Dire Treasury Warning As U.S. Debt Default Date Nears

@AFP

Washington (AFP) – A U.S. debt default would have dramatic economic repercussions and be “deeply damaging” to financial markets, Treasury Secretary Jack Lew warned lawmakers Thursday a week before a deadline to raise the nation’s borrowing limit.

With the clock ticking toward a default that would see the United States fail to pay all its bills for the first time in its history, President Barack Obama was to meet with congressional Republicans at the White House in a high stakes bid to forge a path out of the crisis.

House Speaker John Boehner and other Republican leaders were to attend, with neither side apparently ready yet to concede ground in the standoff.

Various scenarios for overcoming the impasse — including a short-term government funding bill and a temporary debt ceiling rise — are being floated in Washington, but a workable exit strategy has yet to emerge.

Meanwhile all eyes were on Lew, who trooped up to Capitol Hill to deliver a stark message to Congress: end the political impasse and act immediately to avoid “self-inflicted wounds” and potential financial disaster.

“If Congress fails to meet its responsibility, it could be deeply damaging to the financial markets, the ongoing economic recovery, and the jobs and savings of millions of Americans,” Lew told the Senate Finance Committee.

Failure to agree on a budget led to the first government shutdown in 17 years on October 1, the beginning of fiscal year 2014. Now the nation careens toward another potential hammer blow, and Lew warned it would be a “grave mistake” if the U.S. Treasury is not provided with new borrowing authority to pay its bills.

Committee chairman Senator Max Baucus framed it in near-apocalyptic terms.

“While the government shutdown has been disruptive, a default would be a financial heart attack,” he told the hearing. “It would have widespread, long-term economic consequences.”

The most pressing issue was raising the U.S. government’s statutory borrowing limit of $16.7 trillion.

Other countries were closely watching the unfolding crisis, fearful of reverberations in their economies.

Premier Li Keqiang of China, the largest foreign holder of U.S. government debt, reiterated his country’s “concern about Washington’s debt-ceiling problem” when he spoke with US Secretary of State John Kerry at an Asian summit Thursday in Brunei, according to China’s official Xinhua news agency.

The state-run China Daily newspaper in Beijing blasted “the astonishing failure” of the U.S. Congress.

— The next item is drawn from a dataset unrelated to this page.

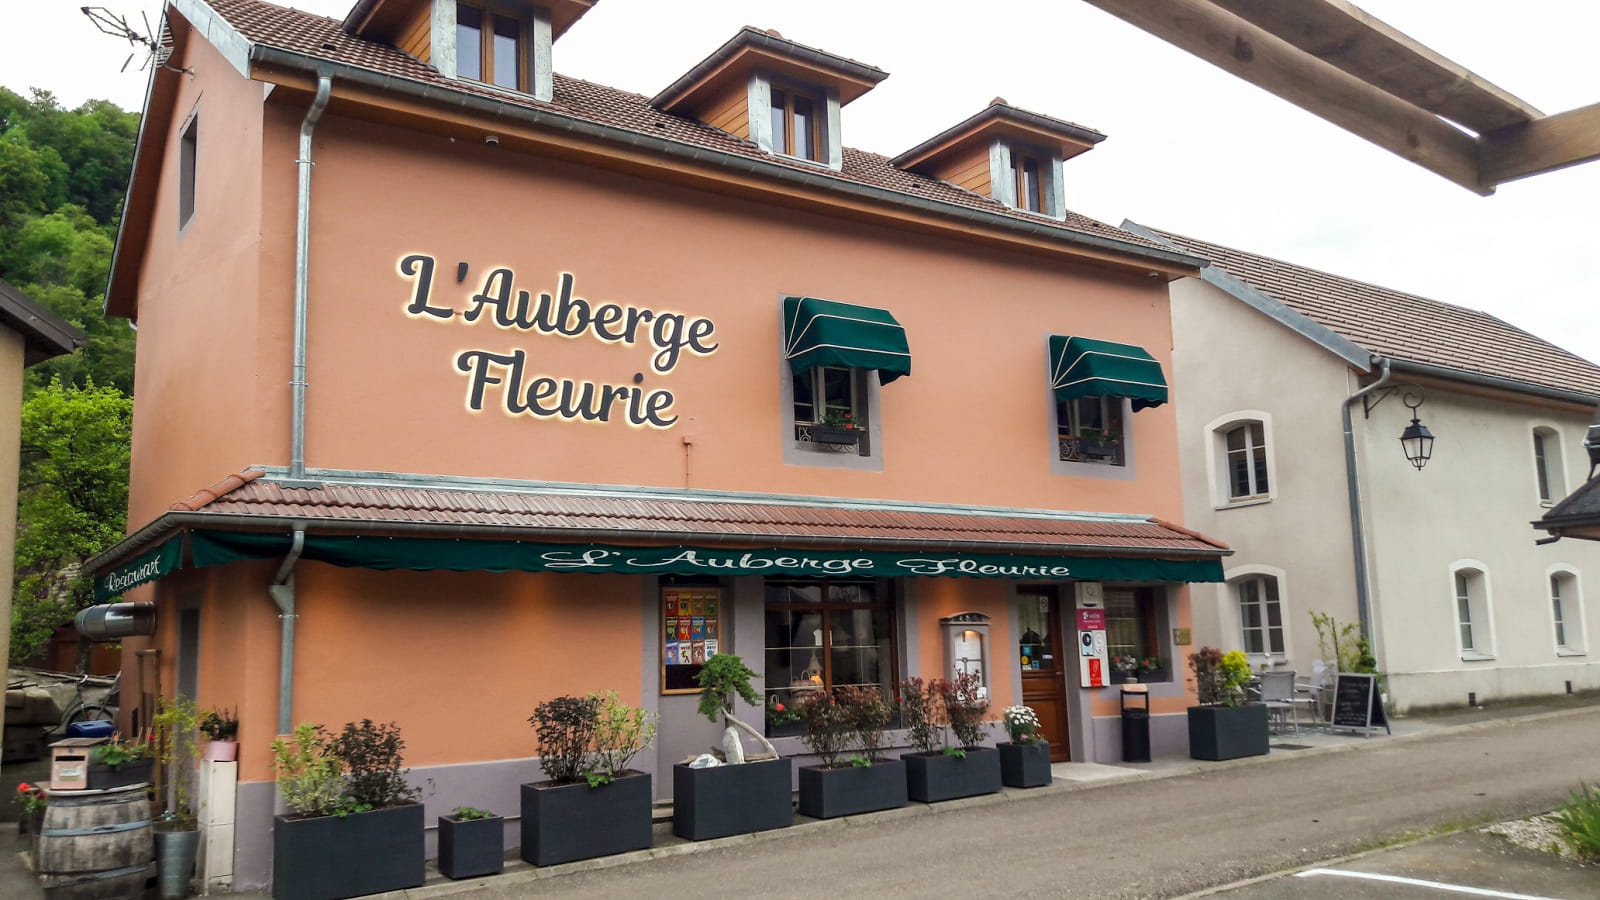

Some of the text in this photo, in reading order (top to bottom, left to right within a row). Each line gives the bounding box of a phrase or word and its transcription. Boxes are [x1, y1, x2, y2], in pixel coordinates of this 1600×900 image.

“It is pitiful that the U.S. is now putting the fragile world recovery under renewed threat with its mind-boggling political infighting,” it said.

The Organization for Economic Cooperation and Development warned Wednesday that a default could throw most of the world’s major economies “back into recession next year” and badly damage emerging nations.

Lew said the “potentially catastrophic impacts of default” included credit market disruptions, a significant loss in the value of the dollar, elevated U.S. interest rates, negative spillover effects to the global economy, “and real risk of a financial crisis and recession that could echo the events of 2008 or worse.”

Social Security and Medicare payments could be frozen, contracts with private suppliers could dry up, mortgage costs could soar, he said.

But many Republicans are insisting that any deal be coupled with measures to rein in spending.

“We need to avoid a debt limit crisis. But we also need to avoid a debt crisis,” said Republican Senator Rob Portman.

Senator Mike Enzi dismissed the idea that “the sky is falling.”

“You’ve got a problem with outgo, not income,” he told Lew.

But Democrats warned that failure to act would send devastating waves through the U.S. economy.

“Dominoes are going to fall fast and hard,” Senator Ron Wyden said.

Warning he would not be held to ransom, Obama has said he will refuse to negotiate with Republicans on long-term budget issues until the debt limit is lifted and the government reopened.

“You can’t threaten to shut down the government as a means of getting leverage in negotiations,” Obama told CBS television Wednesday.

Boehner has been unwilling to rely on Democratic votes to build a majority in the House, apparently fearing a backlash from conservative Tea Party members who could put him out of a job.